Eine Bild- und Sprachnachricht aus dem Home-Office
Im Jahr der „Asiatischen Grippe“ Geborene, das war 1957, gelten als endemisch furchtlos, seit sie das Licht der Welt erblicken durften. Dankbar sind sie vor allem, dass die Erinnerung an die „Spanische Grippe“, die überzog in drei Wellen zwischen 1918 und 1919 alle Kontinente, längst außer Reichweite ist.
Und doch sehne ich mich, ein 57er Jahrgang, im Home-Office manchmal nach Bullerbü, wo es seit 1947, als die Schwedin Astrid Lindgren den ersten Band ihrer Bullerbü-Trilogie veröffentlichte, „immer lustig“ ist.
Noch nicht in der ersten Schulklasse angelangt, waren diese Geschichten von den Landkindern Britta, Inga, Lisa, Lasse, Bosse und Ole schon ein brennender Buchwunsch. Schön gebundene Ausgaben von diesen vielleicht zartesten aller Kindheitswelten lagen bereits ab 1955 vor und meine Oma hat mir im Dezember 1962, „a grad wei halt Weihnachten ies“, wie sie in ihrem weichen Niederbayerisch bemerkte, den ersten Band der Bullerbü-Geschichten geschenkt. „Weist as gonze Johr so schee brav worst“ - wie weit doch manchmal die Einschätzungen auseinanderliegen.

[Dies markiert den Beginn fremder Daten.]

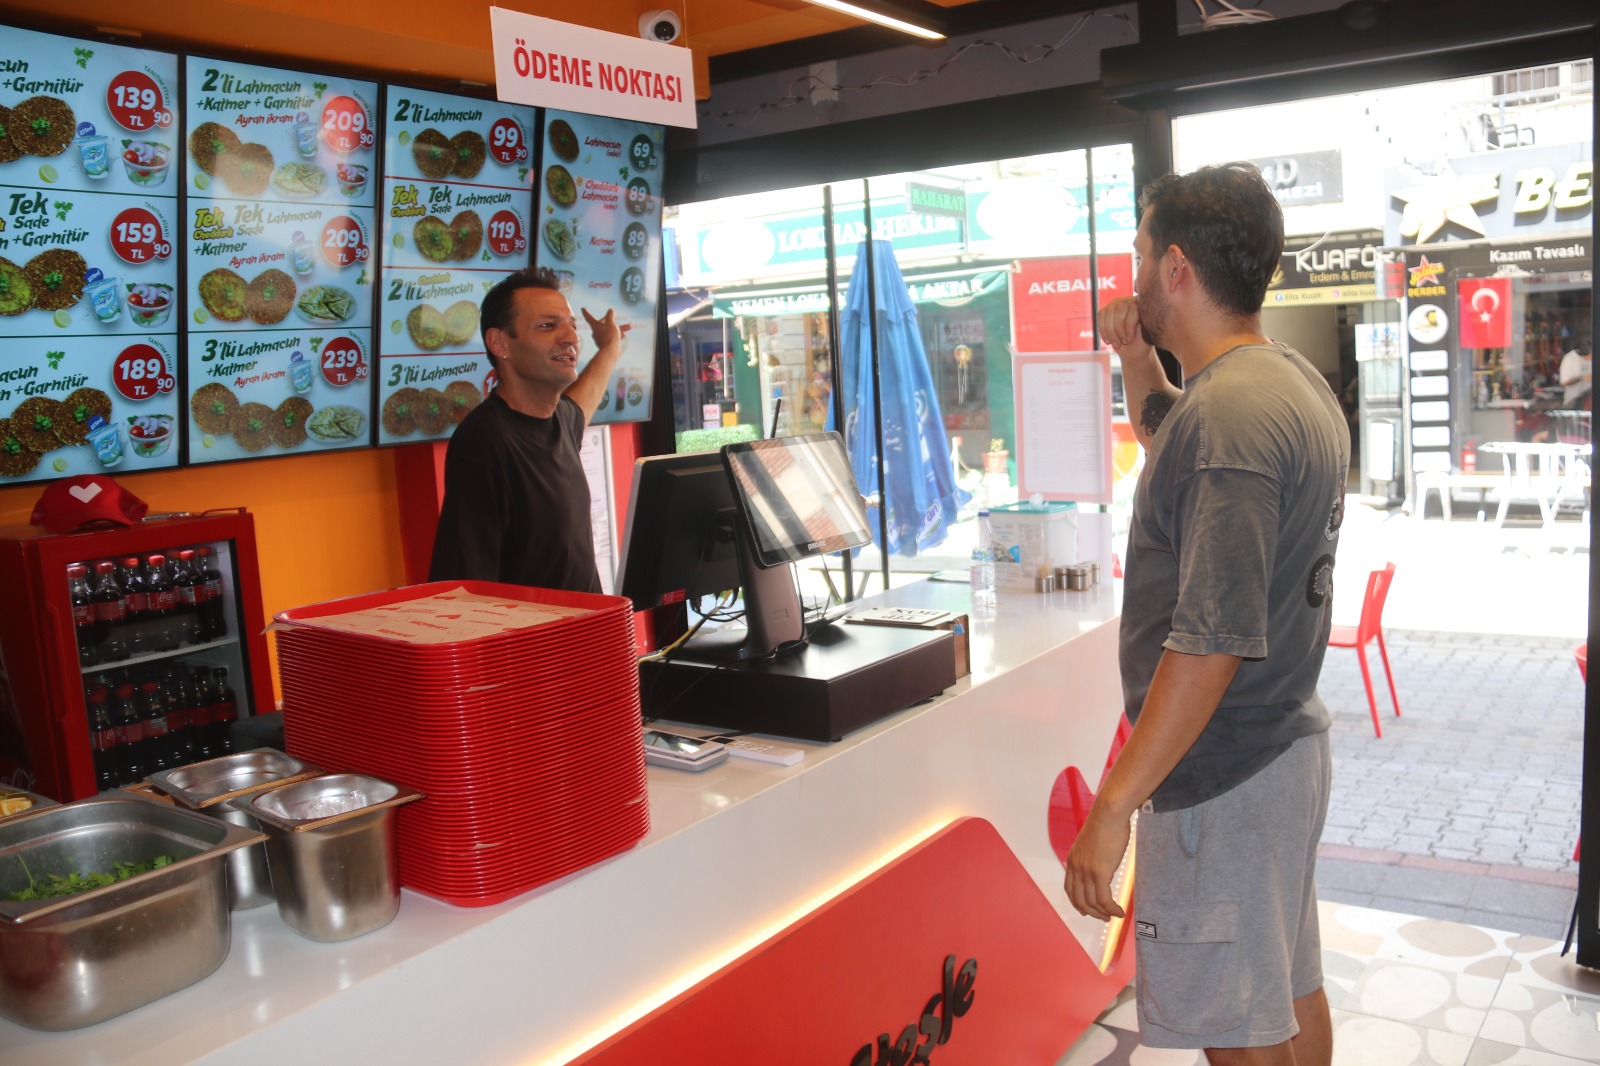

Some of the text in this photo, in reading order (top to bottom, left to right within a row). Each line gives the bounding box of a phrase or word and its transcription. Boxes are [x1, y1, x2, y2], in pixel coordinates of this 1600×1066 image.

[144, 65, 165, 87] TANITIM
[513, 37, 683, 102] ÖDEME NOKTASI
[235, 79, 302, 95] Lahmacun
[114, 85, 157, 110] 139
[264, 96, 315, 110] Garnitür
[129, 115, 144, 127] TL
[235, 114, 265, 127] Ayran
[267, 113, 293, 124] ikram
[323, 109, 365, 132] 209
[423, 108, 483, 123] Lahmacun
[339, 137, 351, 147] TL
[493, 125, 519, 148] 99
[585, 136, 622, 150] Lahmacun
[501, 151, 511, 160] TL
[633, 142, 650, 158] 69
[1273, 158, 1298, 182] D
[392, 184, 511, 207] Tek Tek Lahmacun
[582, 190, 618, 202] Lahmacun
[629, 185, 647, 202] 89
[911, 188, 965, 211] BAHARAT
[9, 192, 49, 215] Tek
[144, 201, 164, 222] TANITIM
[430, 203, 452, 214] Sade
[13, 215, 49, 229] Sade
[195, 203, 322, 229] Tek Tek Lahmacun
[116, 222, 157, 244] 159
[236, 224, 264, 236] Sade
[491, 221, 515, 239] 119
[628, 230, 645, 246] 89
[325, 229, 360, 248] 209
[589, 236, 615, 247] Katmer
[131, 249, 145, 259] TL
[500, 243, 508, 252] TL
[632, 249, 639, 257] TL
[229, 253, 285, 269] Ayran ikram
[336, 253, 348, 263] TL
[625, 275, 642, 292] 19
[1310, 270, 1340, 283] Erdem
[1341, 269, 1350, 281] &
[416, 282, 474, 300] Lahmacun
[921, 278, 983, 299] AKTAR
[237, 337, 301, 357] Lahmacun
[323, 349, 358, 369] 239
[120, 358, 161, 380] 189
[421, 361, 477, 382] Lahmacun
[233, 375, 260, 389] Ayran
[261, 370, 285, 382] ikram
[336, 373, 348, 382] TL
[134, 386, 148, 396] TL

Alles lange vergessen, vergraben unter reichlich mit Geschichtchen angefüllten Lebensjahrzehnten. Dann aber, Mitte März 2020, mit einem Mal alles wieder da.
Covid-19-Pandemie und Home-Office sei`s gedankt und ist es geschuldet.
Und Psychologinnen und Psychologen landauf, landab halten es ja auch für resilienzstärkend, wenn wir alle uns in der Zeit des Shut-down und des Social Distancing auf das besinnen, was uns in unserer technologie-, informations- und wissensverliebten Welt manchmal ein wenig aus den Augen gerät. „Soziale Lebewesen“ seien wir, aufeinander verworfen und dauerhaft nur in Gesellschaft glücklich, genießbar oder erfolgreich.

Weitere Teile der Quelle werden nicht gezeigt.